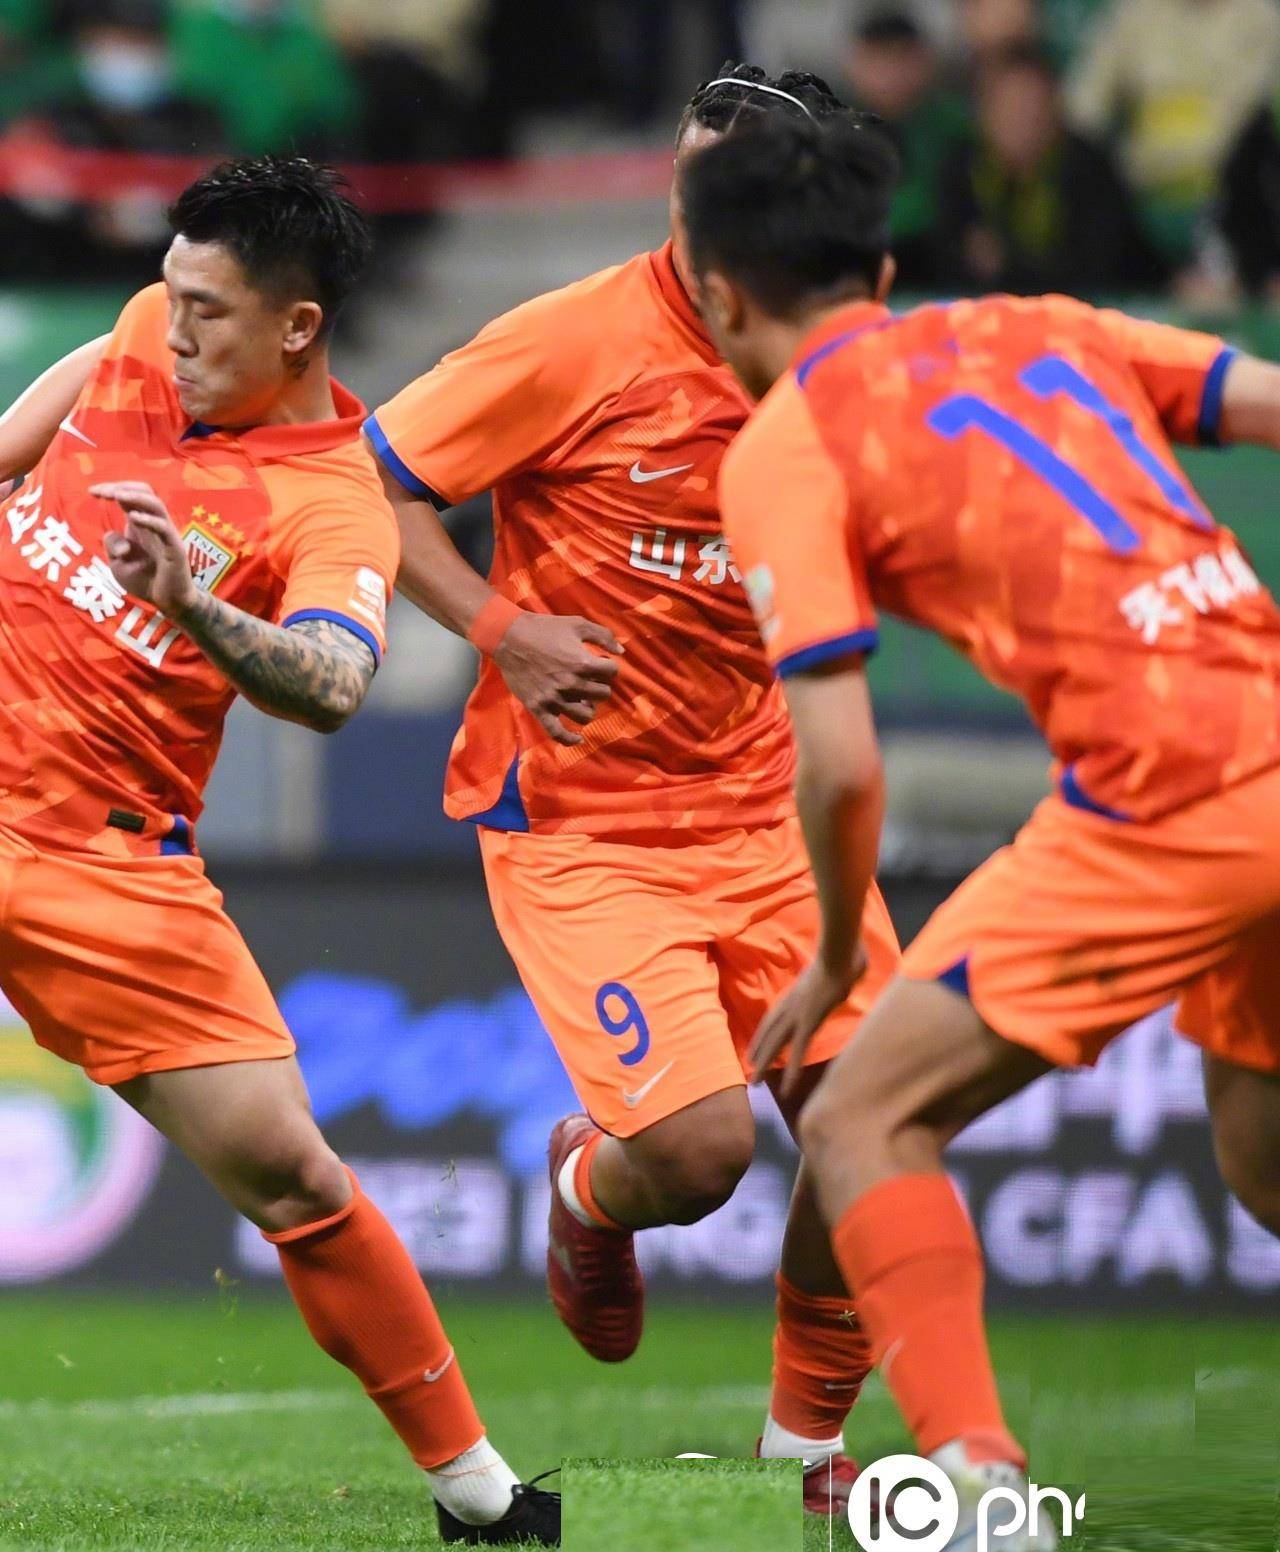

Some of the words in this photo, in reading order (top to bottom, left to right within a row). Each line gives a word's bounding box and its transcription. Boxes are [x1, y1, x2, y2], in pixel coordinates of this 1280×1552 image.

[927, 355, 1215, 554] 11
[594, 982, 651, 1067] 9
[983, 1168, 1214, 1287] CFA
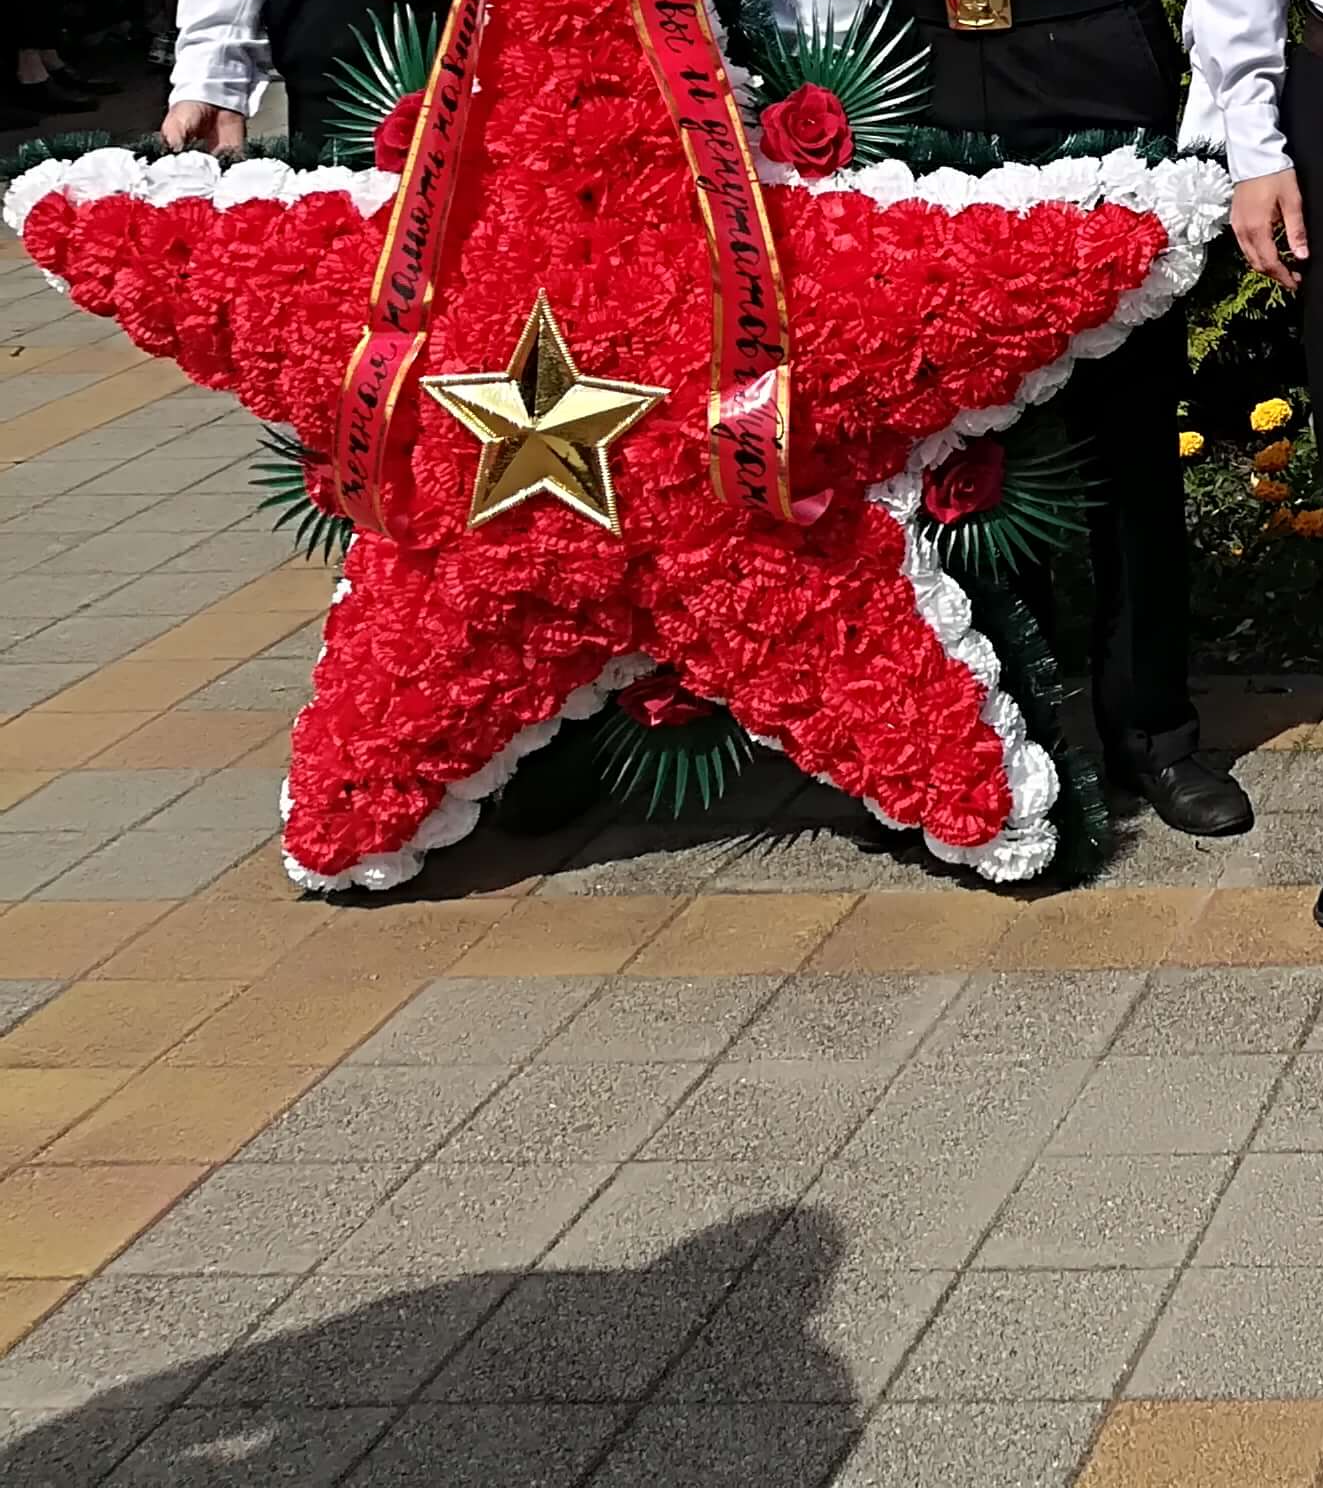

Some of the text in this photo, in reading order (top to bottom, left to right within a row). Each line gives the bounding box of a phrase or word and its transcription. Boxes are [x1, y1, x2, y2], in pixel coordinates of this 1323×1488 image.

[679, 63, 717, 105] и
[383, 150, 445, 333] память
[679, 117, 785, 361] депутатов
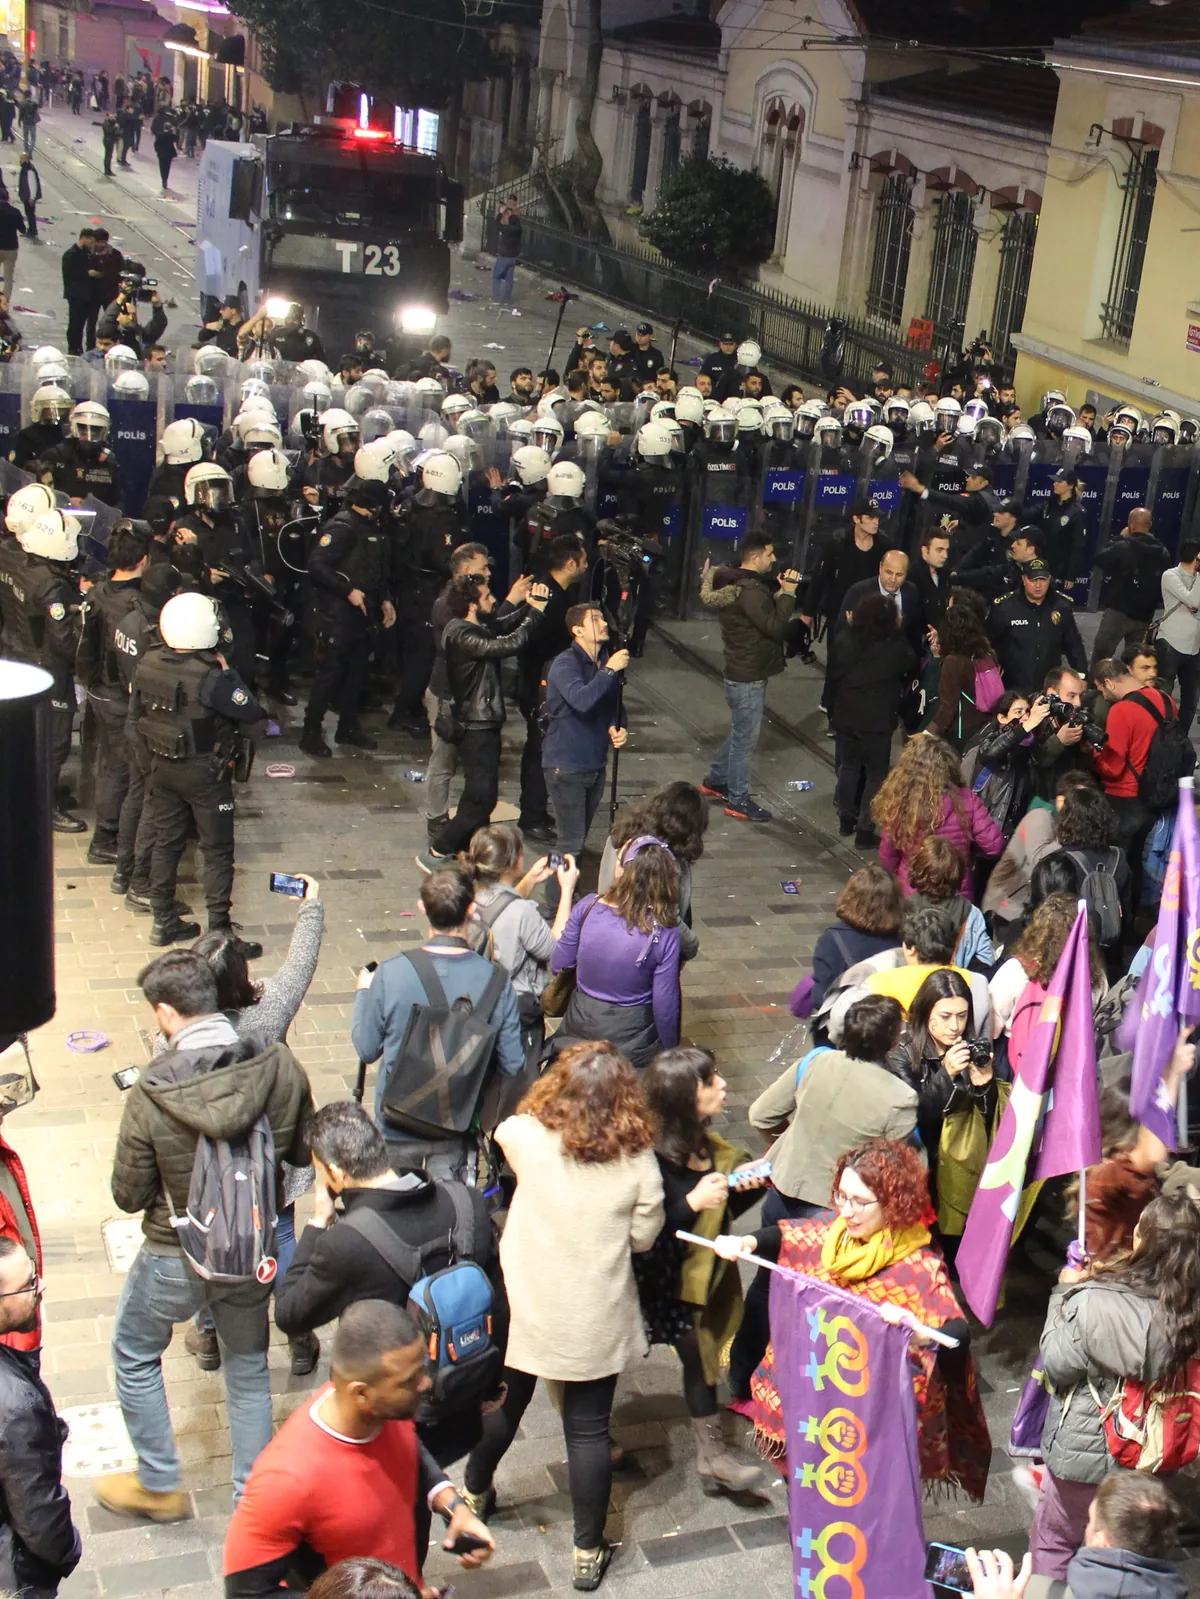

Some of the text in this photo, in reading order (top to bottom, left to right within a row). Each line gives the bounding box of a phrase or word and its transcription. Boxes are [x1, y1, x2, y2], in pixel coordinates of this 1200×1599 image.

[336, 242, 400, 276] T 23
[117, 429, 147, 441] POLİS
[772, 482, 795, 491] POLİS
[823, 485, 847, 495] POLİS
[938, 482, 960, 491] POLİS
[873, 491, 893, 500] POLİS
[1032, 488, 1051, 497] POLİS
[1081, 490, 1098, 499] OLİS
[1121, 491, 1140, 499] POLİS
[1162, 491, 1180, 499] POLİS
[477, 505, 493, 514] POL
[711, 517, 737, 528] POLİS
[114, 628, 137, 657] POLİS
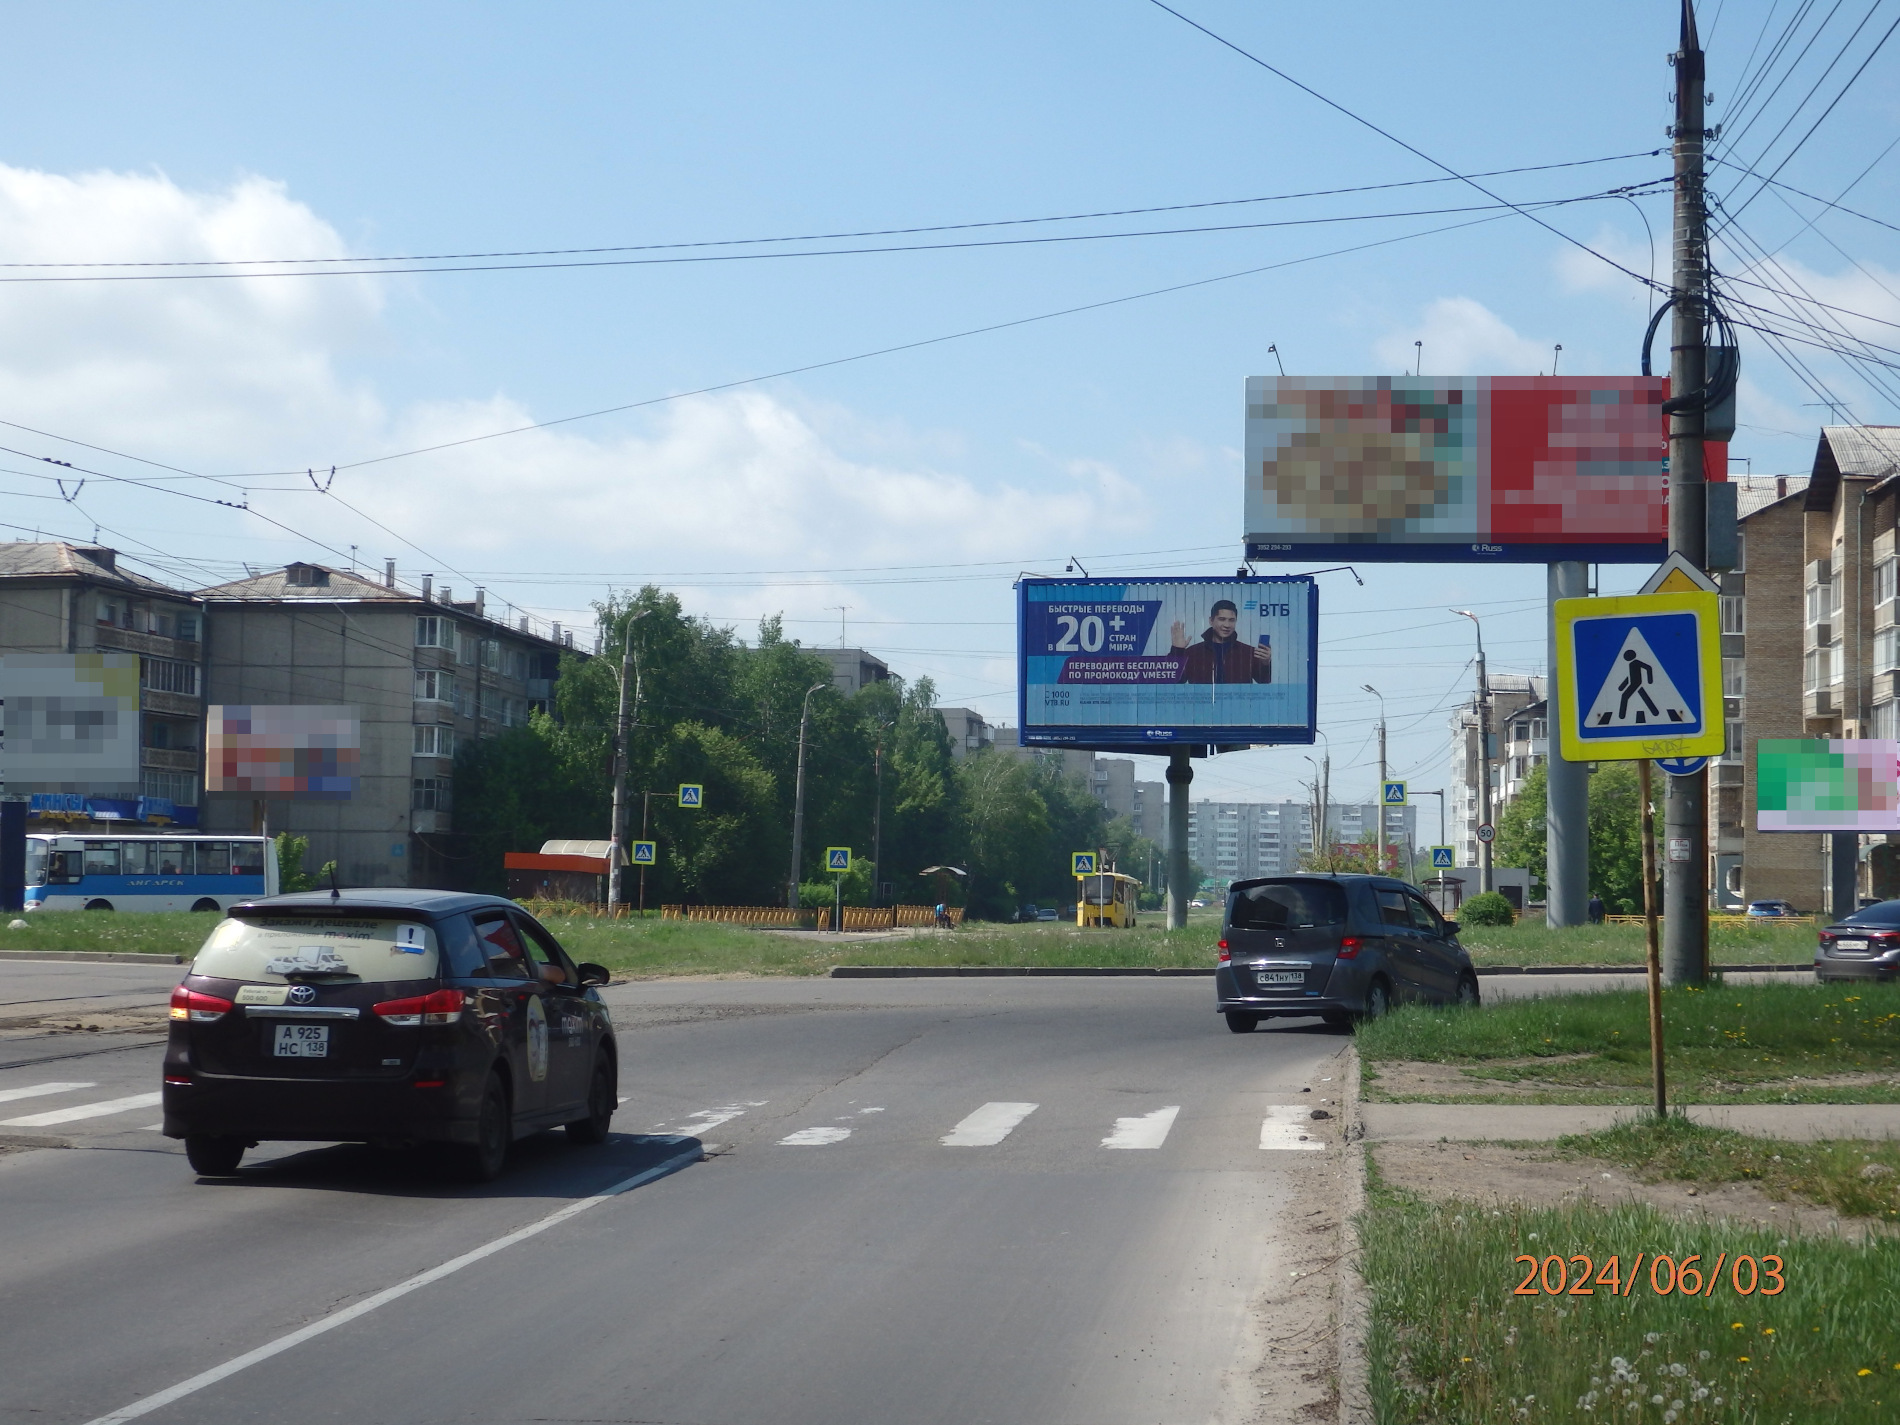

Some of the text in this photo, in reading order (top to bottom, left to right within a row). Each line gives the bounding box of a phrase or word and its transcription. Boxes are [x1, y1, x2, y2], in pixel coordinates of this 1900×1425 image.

REQUIRED WORK:
Pictures stay out; the records above are otherwise reproduced exactly.

RESPONSE BELOW:
Some of the words in this photo, in reading order (top to bottom, left to right within a row). Each line gives a word's bounding box and its transcription. Boxes are [x1, y1, x2, y2], in pixel coordinates of this 1280×1552 image.

[927, 355, 1215, 554] 11
[594, 982, 651, 1067] 9
[983, 1168, 1214, 1287] CFA

Some of the text in this photo, in reading order (top to bottom, left to right within a row). Each line gives the bounding box of a phrase or word and its transcription. Boxes are [x1, y1, x2, y2], in pixel coordinates of this 1323×1488 image.

[679, 63, 717, 105] и
[383, 150, 445, 333] память
[679, 117, 785, 361] депутатов

Some of the text in this photo, in reading order (top to bottom, left to right within a row). Each line gives the bounding box of a phrase or word and its transcription. Boxes are [x1, y1, x2, y2], in pixel coordinates of this 1200×1599 image.

[336, 242, 400, 276] T 23
[117, 429, 147, 441] POLİS
[772, 482, 795, 491] POLİS
[823, 485, 847, 495] POLİS
[938, 482, 960, 491] POLİS
[873, 491, 893, 500] POLİS
[1032, 488, 1051, 497] POLİS
[1081, 490, 1098, 499] OLİS
[1121, 491, 1140, 499] POLİS
[1162, 491, 1180, 499] POLİS
[477, 505, 493, 514] POL
[711, 517, 737, 528] POLİS
[114, 628, 137, 657] POLİS

Some of the text in this photo, in reading order (top to bottom, left to right within a row). Each line gives the bounding box of a phrase or word and its transcription. Boxes are [x1, y1, x2, y2], in pixel coordinates of this 1900×1425 image.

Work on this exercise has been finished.